The Case Study Method


Bindu K. Nambiar - Unnithan
SCMS School of Management

A case is usually a description of an actual situation, commonly involving a decision, a challenge, an opportunity, a problem or an issue faced by a person or persons in an organization. There is no universally accepted definition for a case study, and the case method means different things to different people. Consequently, all case studies are not structured similarly, and variations abound in terms of style, structure and approach. An important point to be emphasized here is that a case is not a problem. A problem usually has a unique, correct solution. On the other hand, a decision-maker faced with the situation described in a case can choose between several alternative courses of action, and each of these alternatives may plausibly be supported by logical argument.

Case studies in the classroom:

Unlike lecture-based teaching, the case method requires intensive preparation by the students, before each class. If a case has been assigned for discussion in the class, the student must prepare carefully and thoroughly for the case discussion. Case studies are usually discussed in class, in a large group. However, sometimes, instructors may require individuals or groups of students to provide a written analysis of a case study, or make an oral presentation on the case study in the classroom.

The case study method usually involves three stages: individual preparation, small group discussion, and large group or class discussion. While both the instructor and the student start with the same information, their roles are clearly different in each of these stages, as shown in Table 1.

Broadly speaking the case analysis process could consist of following stages:

1. Gaining familiarity with the case situation (critical case facts, persons, activities, contexts).
2. Recognizing the symptoms (what are the things that are not as expected, or as they should be?).
3. Identifying goals/objectives.
4. Conducting the analysis.
5. Making the diagnosis (identifying problems, i.e., discrepancies between goals and performance, prioritizing problems etc.)
6. Preparing the action plan (identifying feasible action alternatives, selecting a course of action, implementation planning, and plan for monitoring implementation).

Case Discussions in the Classroom:

A classroom case discussion is usually guided by the instructor. Students are expected to participate in the discussion and present their views. In some cases, the instructor may adopt a particular view, and challenge the students to respond. During the discussion, while a student presents his point of view, others may question or challenge him. Case instructors usually encourage innovative ways of looking at and analyzing problems, and arriving at possible alternatives.
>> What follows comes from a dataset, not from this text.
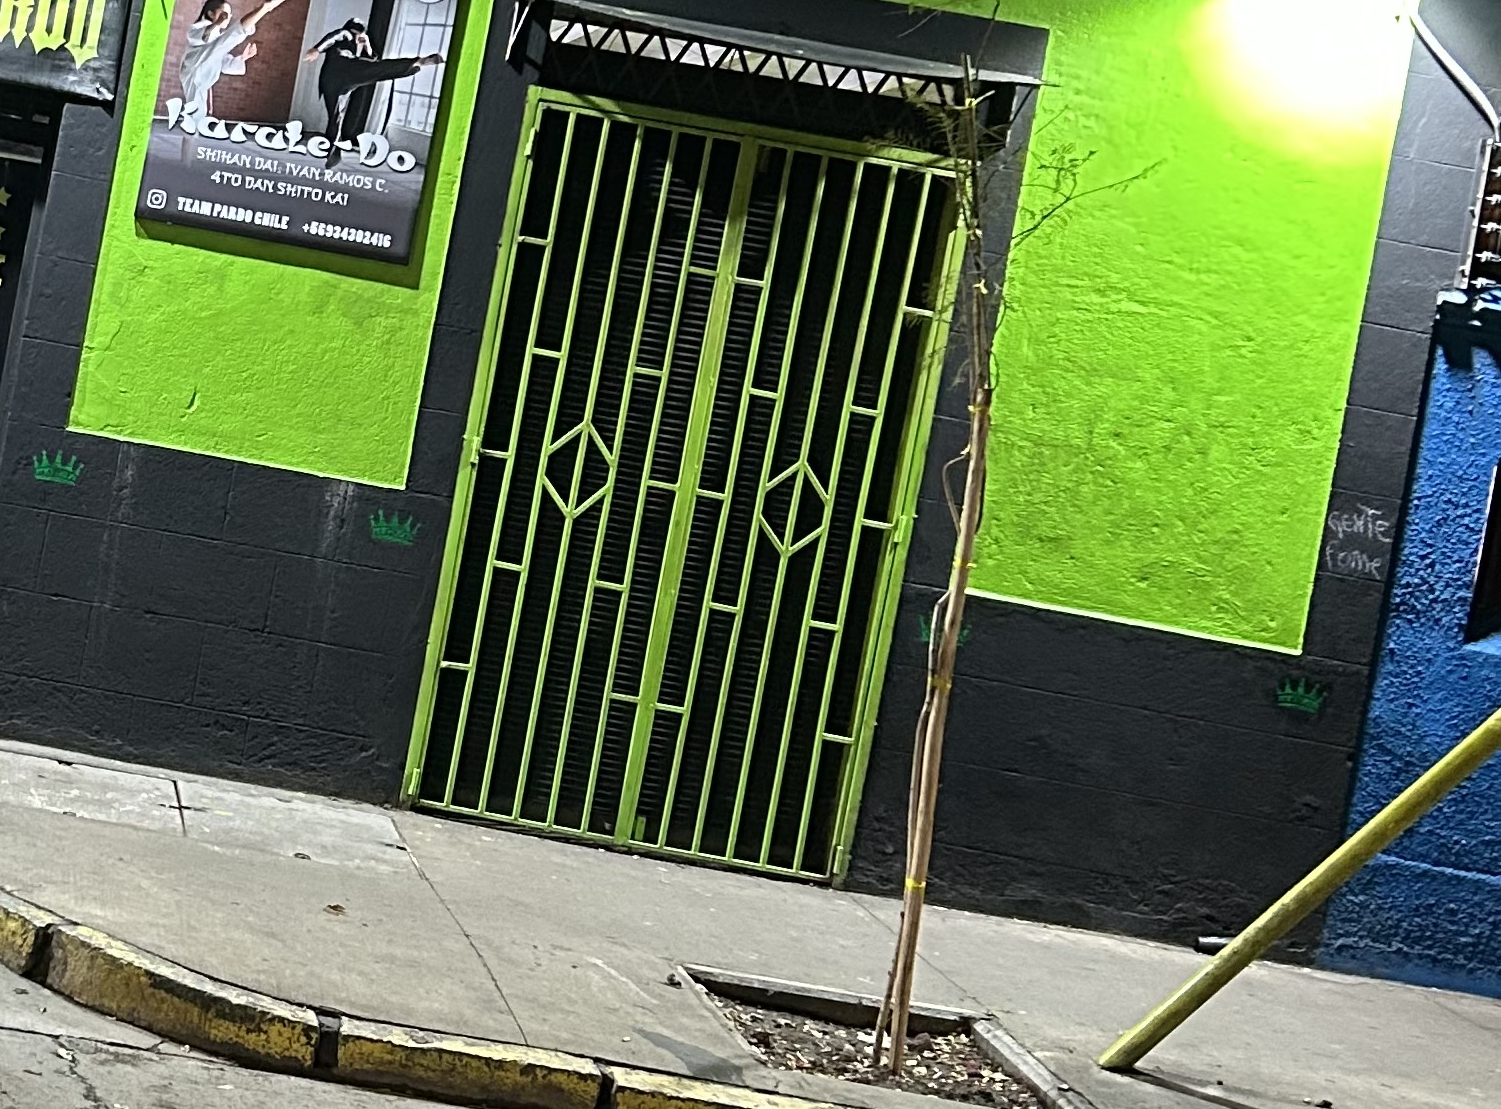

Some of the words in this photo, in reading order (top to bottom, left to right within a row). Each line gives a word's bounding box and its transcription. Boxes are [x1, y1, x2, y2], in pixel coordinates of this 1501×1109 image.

The interaction among students, and between the students and the instructor, must take place in a constructive and positive manner. Such interactions help to improve the analytical, communication, and interpersonal skills of the students.

Students must be careful that the contributions they make to the discussion are relevant, and based on a sound analysis of the information presented in the case. Students can also refer to the notes they have prepared during the course of their preparation for the case discussion.

The instructor may ask questions to the class at random about the case study itself or about the views put forward by an individual student. If a student has some new insights about the issues at hand, she is usually encouraged to share them with the class.

Students must respond when the instructor asks some pertinent questions. The importance of preparing beforehand cannot be emphasized enough a student will be able to participate meaningfully in the case discussion only if he is knowledgeable about the facts of the case, and has done a systematic case analysis. A case discussion may end with the instructor (or a student) summarizing the key learning points (or 'takeaways') of the session.

Student performance in case discussions is usually evaluated, and is a significant factor in assessing overall performance in the course. The extent of participation is never the sole criterion in the evaluation the quality of the participation is an equally (or more) important criterion.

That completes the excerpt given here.